Return the lines from the line containing "this 1873×1873 image." onward. Each must match exactly, and the last line of the listing below must be included.

** ENTRIES SHOWN follows **

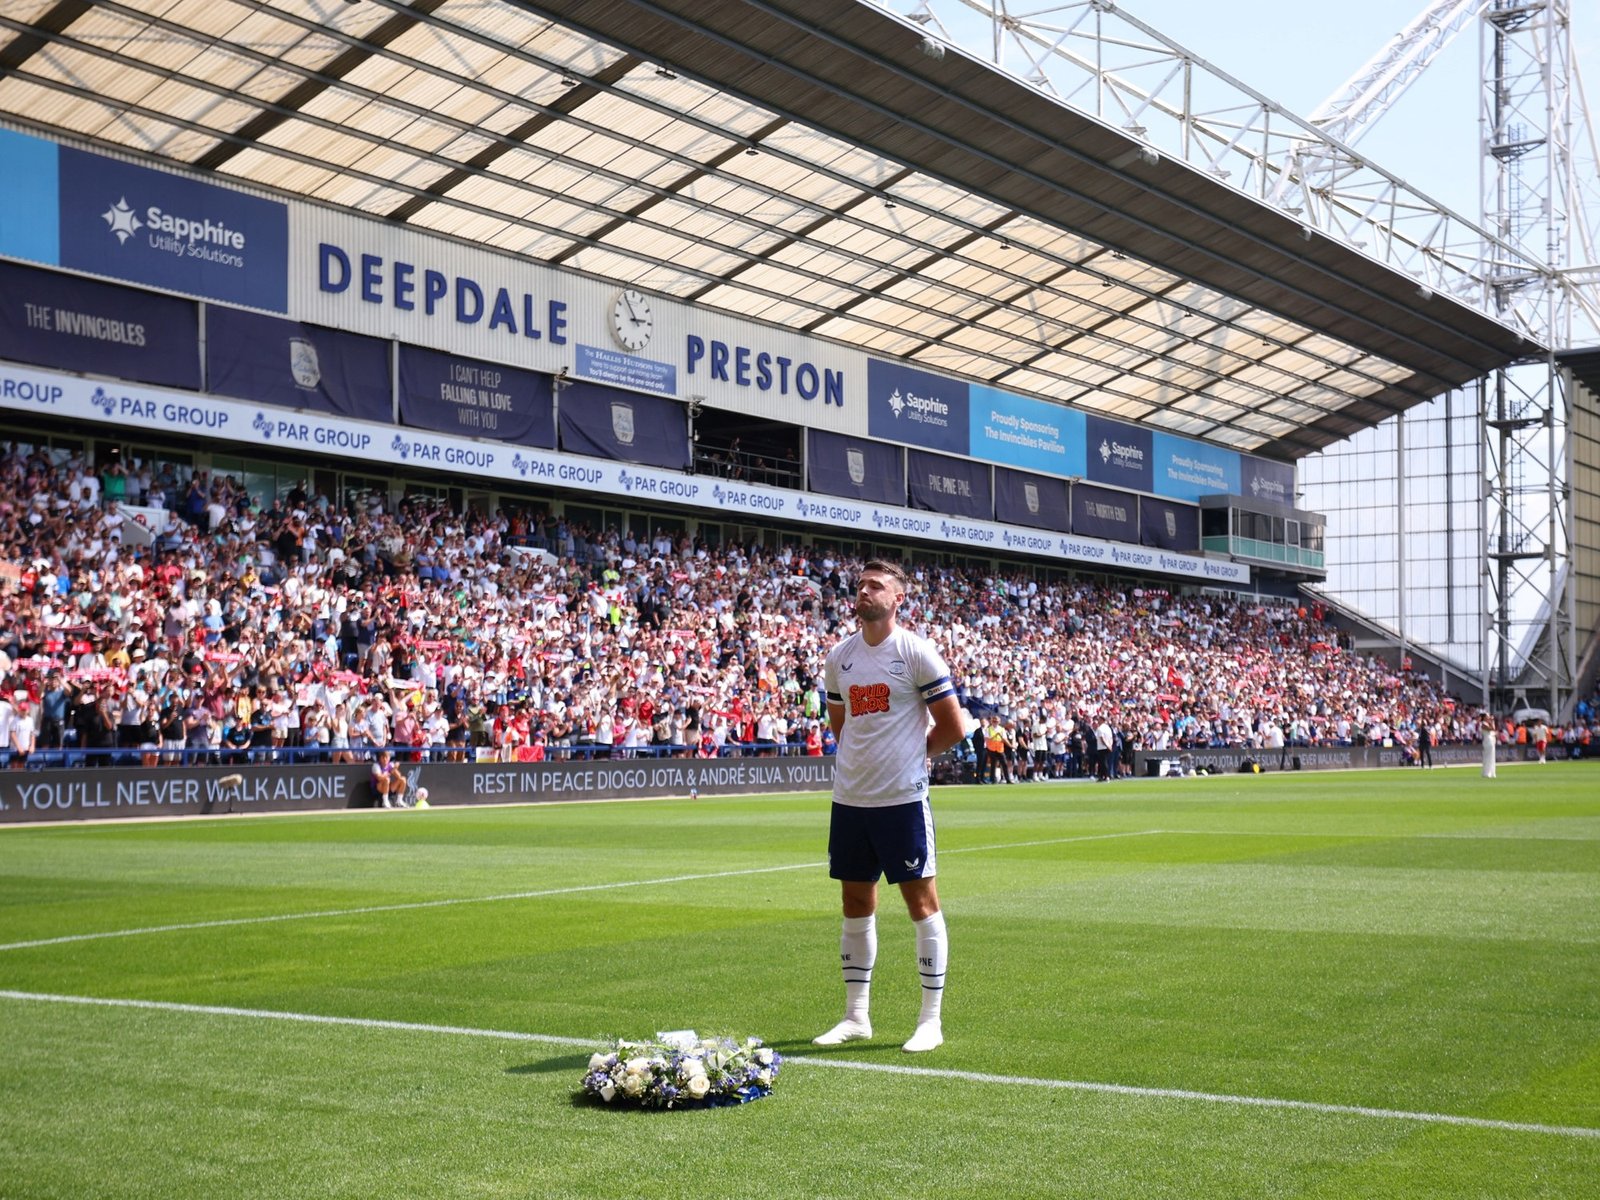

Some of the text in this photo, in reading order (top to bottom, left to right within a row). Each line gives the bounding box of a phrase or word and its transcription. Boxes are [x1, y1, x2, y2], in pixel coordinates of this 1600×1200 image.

[147, 206, 245, 249] Sapphire
[149, 234, 243, 268] Utility Solutions
[319, 243, 567, 345] DEEPDALE
[24, 303, 146, 347] THE INVINCIBLES
[455, 364, 479, 385] CAN'T
[480, 369, 501, 388] HELP
[687, 334, 843, 407] PRESTON
[441, 383, 513, 412] FALLING IN LOVE
[906, 391, 949, 416] Sapphire
[120, 397, 229, 429] PAR GROUP
[458, 408, 498, 430] WITH YOU
[907, 410, 948, 428] Utility Solutions
[991, 411, 1060, 439] Proudly Sponsoring
[278, 421, 371, 450] PAR GROUP
[985, 426, 1066, 454] The Invincibles Pavilion
[413, 442, 494, 468] PAR GROUP
[1111, 441, 1143, 460] Sapphire
[531, 460, 603, 484] PAR GROUP
[635, 476, 699, 499] PAR GROUP
[727, 490, 785, 511] PAR GROUP
[810, 504, 861, 522] PAR GROUP
[884, 516, 931, 533] PAR GROUP
[951, 525, 994, 543] PAR GROUP
[1012, 535, 1052, 550] PAR GROUP
[1068, 544, 1105, 558] PAR GROUP
[1120, 551, 1153, 565] PAR GROUP
[1166, 557, 1198, 572] PAR GROUP
[1210, 564, 1239, 578] PAR GROUP
[849, 683, 890, 700] SPUD
[851, 697, 890, 717] BROS
[473, 772, 517, 795] REST
[520, 772, 537, 792] IN
[541, 771, 594, 792] PEACE
[597, 769, 647, 790] DIOGO
[649, 768, 684, 788] JOTA
[686, 768, 697, 787] &
[698, 762, 745, 786] ANDRÉ
[748, 766, 785, 785] SILVA.
[787, 765, 829, 783] YOU'LL
[16, 782, 110, 810] YOU'LL
[117, 779, 199, 806] NEVER
[273, 775, 346, 800] ALONE
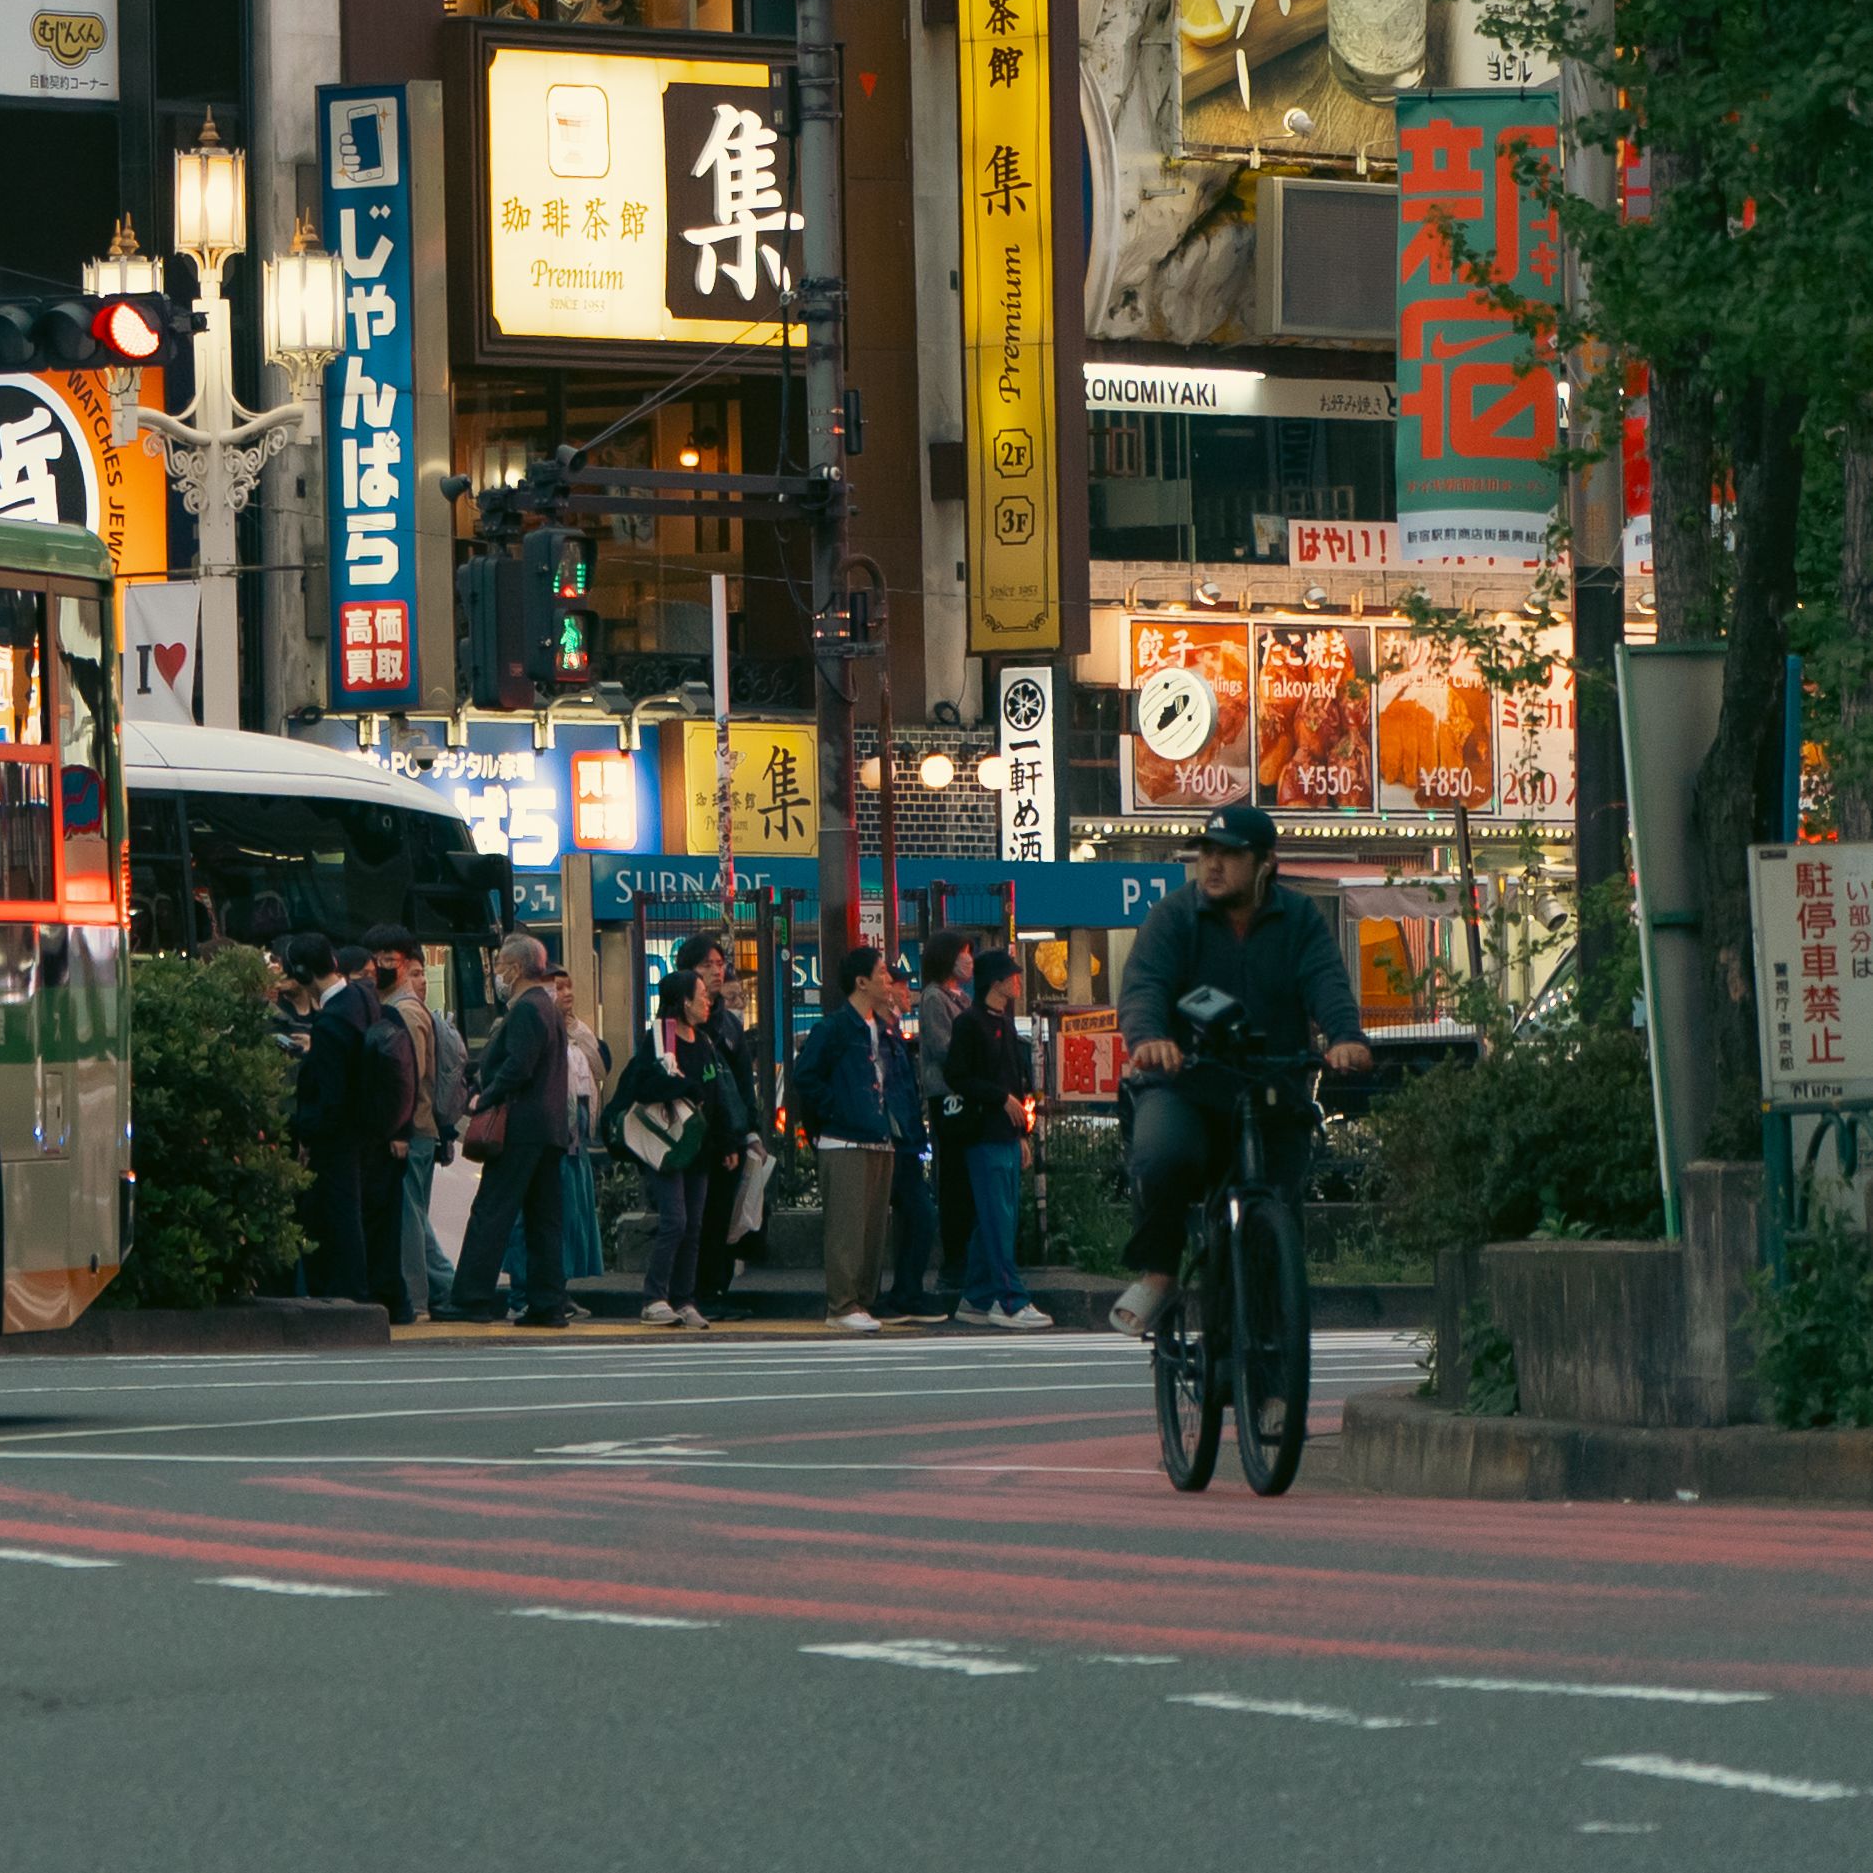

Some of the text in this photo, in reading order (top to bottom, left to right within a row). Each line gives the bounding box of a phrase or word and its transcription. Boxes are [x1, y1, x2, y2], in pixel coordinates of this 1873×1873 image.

[38, 20, 101, 58] むじんくん
[679, 103, 806, 302] 集
[979, 144, 1034, 217] 集
[501, 196, 649, 244] 珈琲茶館
[529, 259, 626, 292] Premium
[998, 243, 1023, 405] Premium
[340, 206, 402, 586] じゃんぱら
[1001, 441, 1027, 468] 2F
[1002, 509, 1028, 535] 3F
[1138, 628, 1194, 670] 餃子
[1260, 629, 1346, 670] たこ焼き
[1260, 675, 1340, 701] Takoyaki
[757, 744, 812, 842] 集
[1795, 861, 1845, 1064] 駐停車禁止

** End of ENTRIES SHOWN **

RESULT OF THE TASK →
Some of the text in this photo, in reading order (top to bottom, left to right within a row). Each line gives the bounding box of a phrase or word and its transcription. Boxes are [x1, y1, x2, y2], in pixel coordinates of this 1873×1873 image.

[38, 20, 101, 58] むじんくん
[679, 103, 806, 302] 集
[979, 144, 1034, 217] 集
[501, 196, 649, 244] 珈琲茶館
[529, 259, 626, 292] Premium
[998, 243, 1023, 405] Premium
[340, 206, 402, 586] じゃんぱら
[1001, 441, 1027, 468] 2F
[1002, 509, 1028, 535] 3F
[1138, 628, 1194, 670] 餃子
[1260, 629, 1346, 670] たこ焼き
[1260, 675, 1340, 701] Takoyaki
[757, 744, 812, 842] 集
[1795, 861, 1845, 1064] 駐停車禁止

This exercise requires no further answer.